Boy, do I ever love quotes. I've got half my column written in just fifteen minutes, giving me a full thirty to work on the gist of the piece. And the gist is this: those quotes were not about Supreme Court nominee John G Roberts! Really! I bet you could not see that one coming. See, the trick was to begin and end with President Bush, and you're thinking, well, she said President Bush so there's nothing to be suspicious of here. Tricked you!

A long time ago, back when I was a little girl, there was another President Bush who was also called George Bush, except he didn't have a W in his name. Well, yes, I guess he did, but it was a HW which is kind of a 'haugh' sound, very European. And that President Bush nominated a small and ugly little man for the Supreme Court, a man who lived in a little, rough-hewn cabin in the woods of New Hampshire and avoided all the "women folk". And that ugly little nancy-boy was none other than David Hackett Souter. Ewww. You know how they say you can tell a lot about people by their name? Ewwwwwww!!!

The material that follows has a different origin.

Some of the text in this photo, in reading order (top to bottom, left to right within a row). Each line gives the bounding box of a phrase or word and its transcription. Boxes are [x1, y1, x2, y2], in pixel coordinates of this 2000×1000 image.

Why do I hate Souter so much? Honestly, people, I can't be expected to do all of your thinking for you. Get out and do a little research. The salient point is that I have the strongest feeling - almost like gas - that Roberts is going to be exactly like Souter, except not as small and definitely not as ugly. He's not really ugly at all when I think about it. In spite of his wife and kids, I think I would probably date him. Except that he would be a 'mystery date', and while a mystery date is just fine for casual sex, it's not okay for the Supreme Court, if you catch my flow.

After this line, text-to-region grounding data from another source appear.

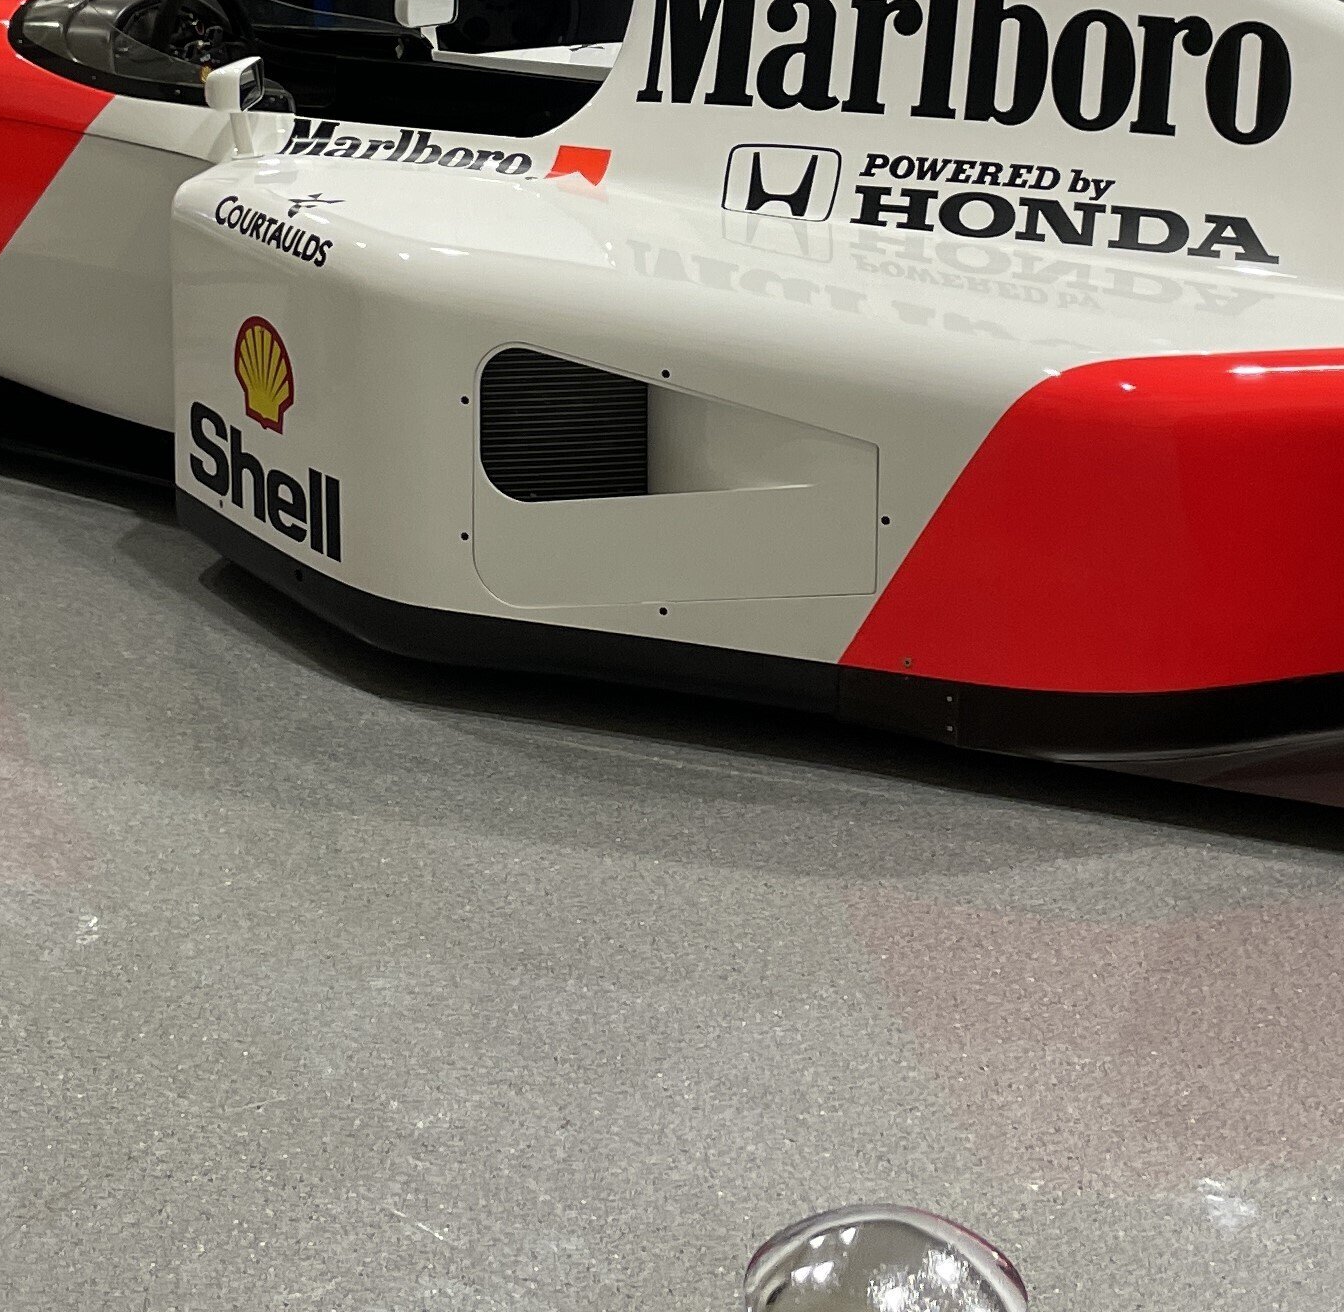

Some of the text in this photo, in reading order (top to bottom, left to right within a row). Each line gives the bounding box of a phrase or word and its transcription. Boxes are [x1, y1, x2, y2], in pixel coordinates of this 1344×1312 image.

[278, 118, 533, 176] Marlboro
[859, 153, 1115, 202] POWERED by
[215, 194, 334, 268] COURTAULDS
[849, 184, 1279, 264] HONDA
[190, 400, 343, 563] Shell

Roberts would have been a fine candidate for court in the Clinton mis-administration - that's what we would have expected from Mister Stick-it-where-it-fits. But now we have 55 Republican seats in the Senate and the vice president to cast a deciding vote and Son of Read-My-Lips gives us another ideological blind date. He's no more of a man than his father was. I would not accept a blind person under any circumstances. Okay, you say, what if your mystery date was blind? Oh big deal - let's see him try to find me once I say adios.